Aim of the exercise. The following data needs to be repeated exactly, with all images excluded.

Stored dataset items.
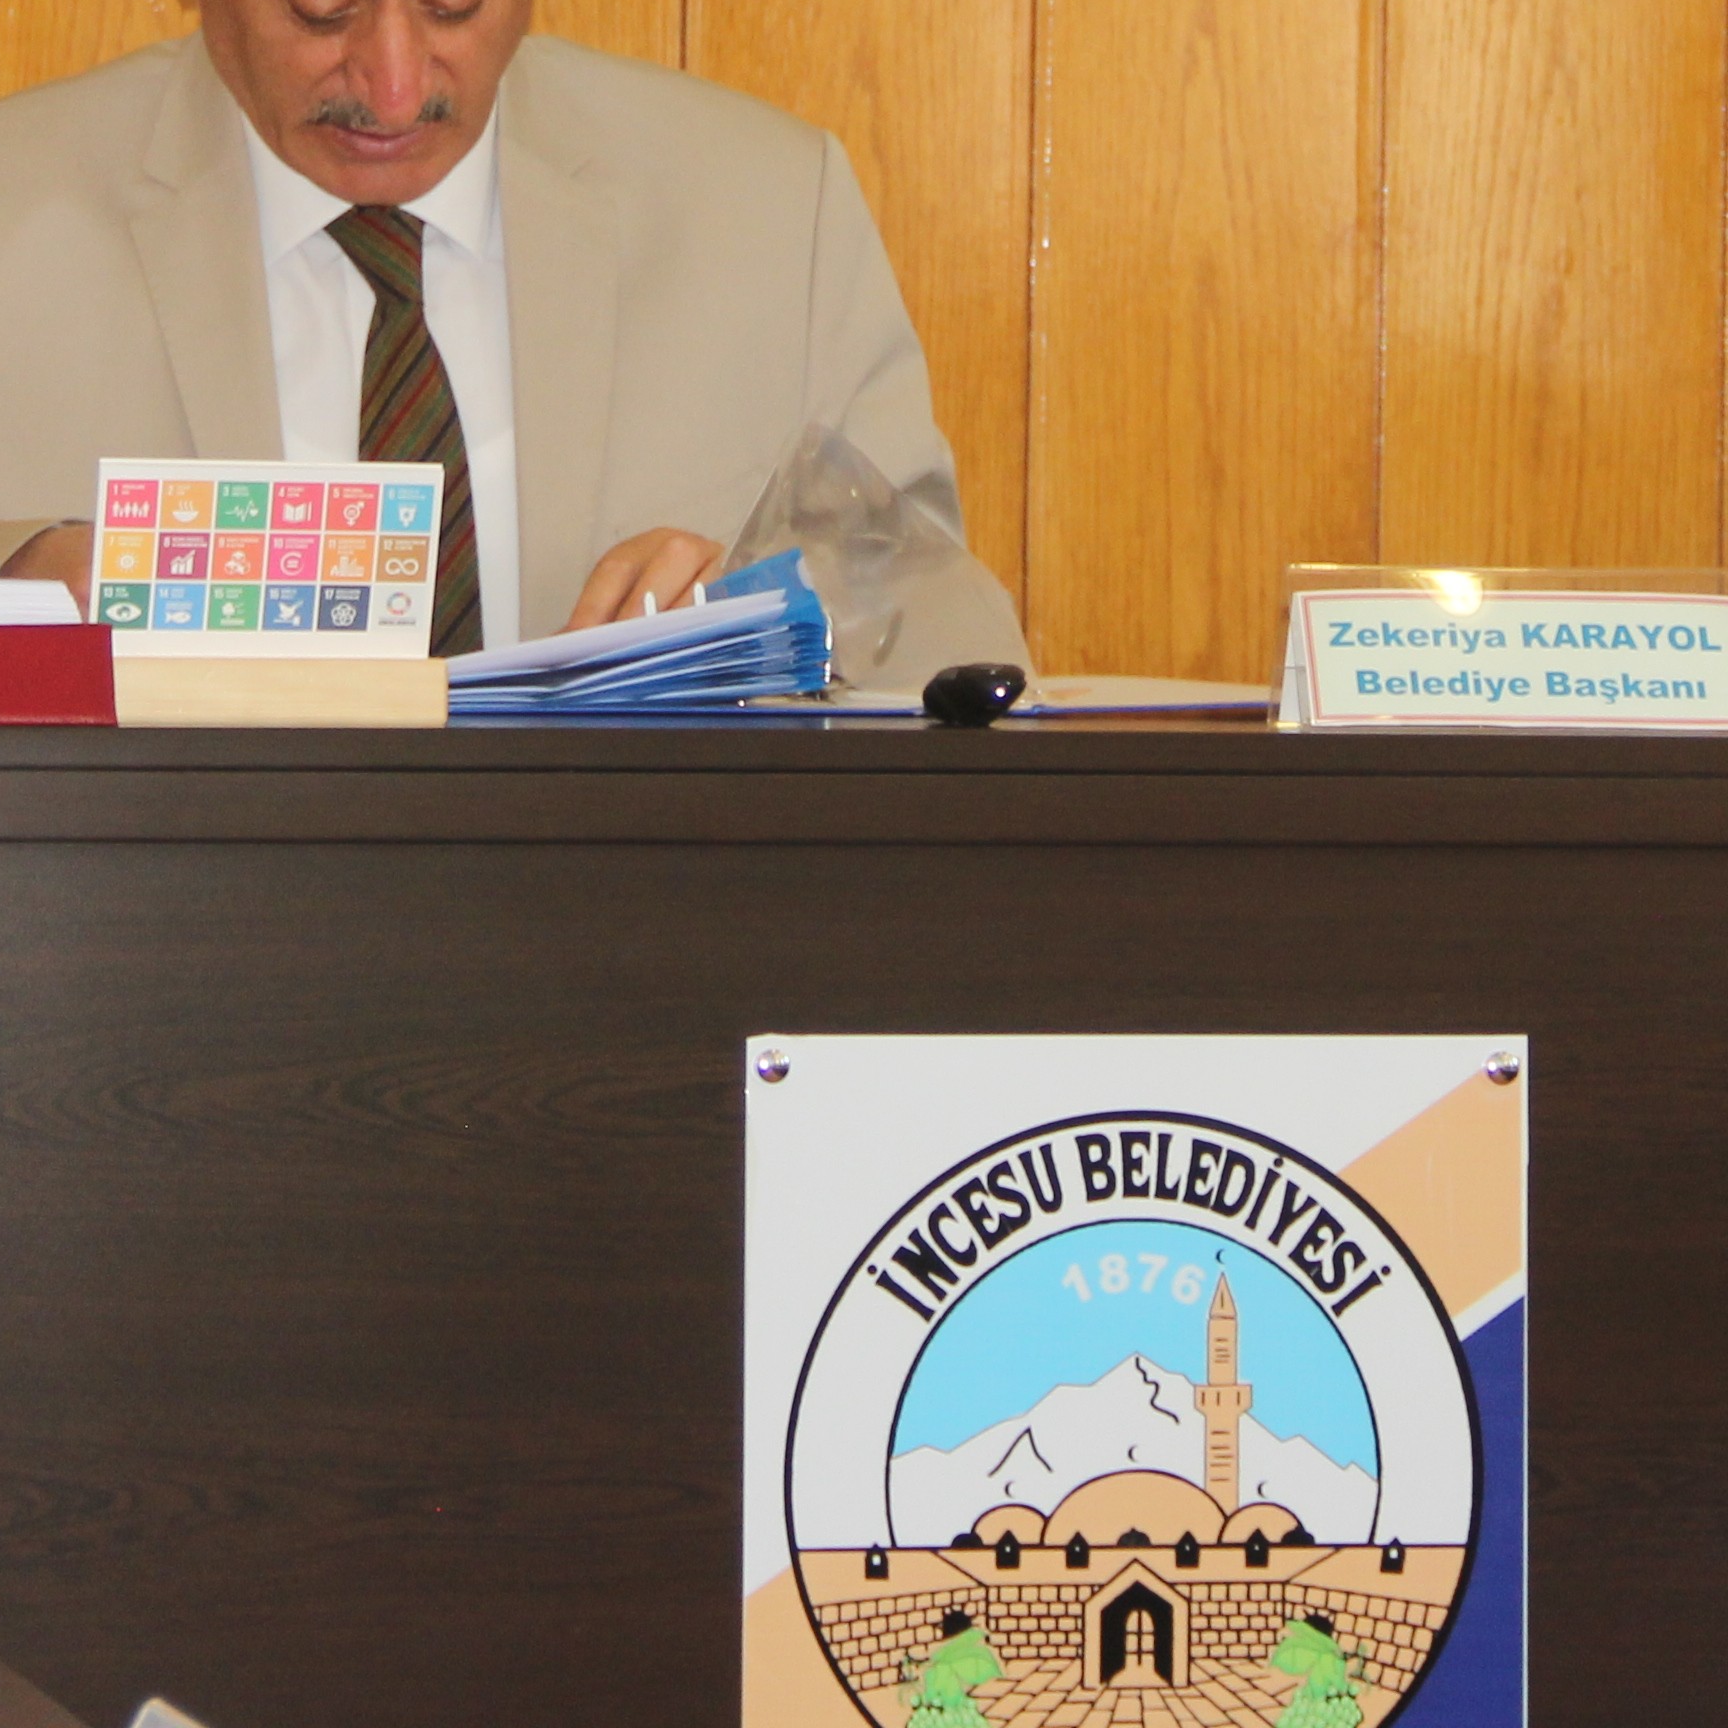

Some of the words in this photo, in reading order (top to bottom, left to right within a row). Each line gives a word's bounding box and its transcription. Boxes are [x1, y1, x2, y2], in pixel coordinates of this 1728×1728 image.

[1329, 622, 1506, 654] Zekeriya
[1521, 622, 1722, 652] KARAYOL
[1356, 670, 1531, 702] Belediye
[1546, 671, 1706, 703] Başkanı
[867, 1143, 1064, 1322] İNCESU
[1075, 1131, 1392, 1318] BELEDİYESİ
[1061, 1252, 1208, 1306] 1876

Solution to this task.
Some of the words in this photo, in reading order (top to bottom, left to right within a row). Each line gives a word's bounding box and its transcription. Boxes are [x1, y1, x2, y2], in pixel coordinates of this 1728×1728 image.

[1329, 622, 1506, 654] Zekeriya
[1521, 622, 1722, 652] KARAYOL
[1356, 670, 1531, 702] Belediye
[1546, 671, 1706, 703] Başkanı
[867, 1143, 1064, 1322] İNCESU
[1075, 1131, 1392, 1318] BELEDİYESİ
[1061, 1252, 1208, 1306] 1876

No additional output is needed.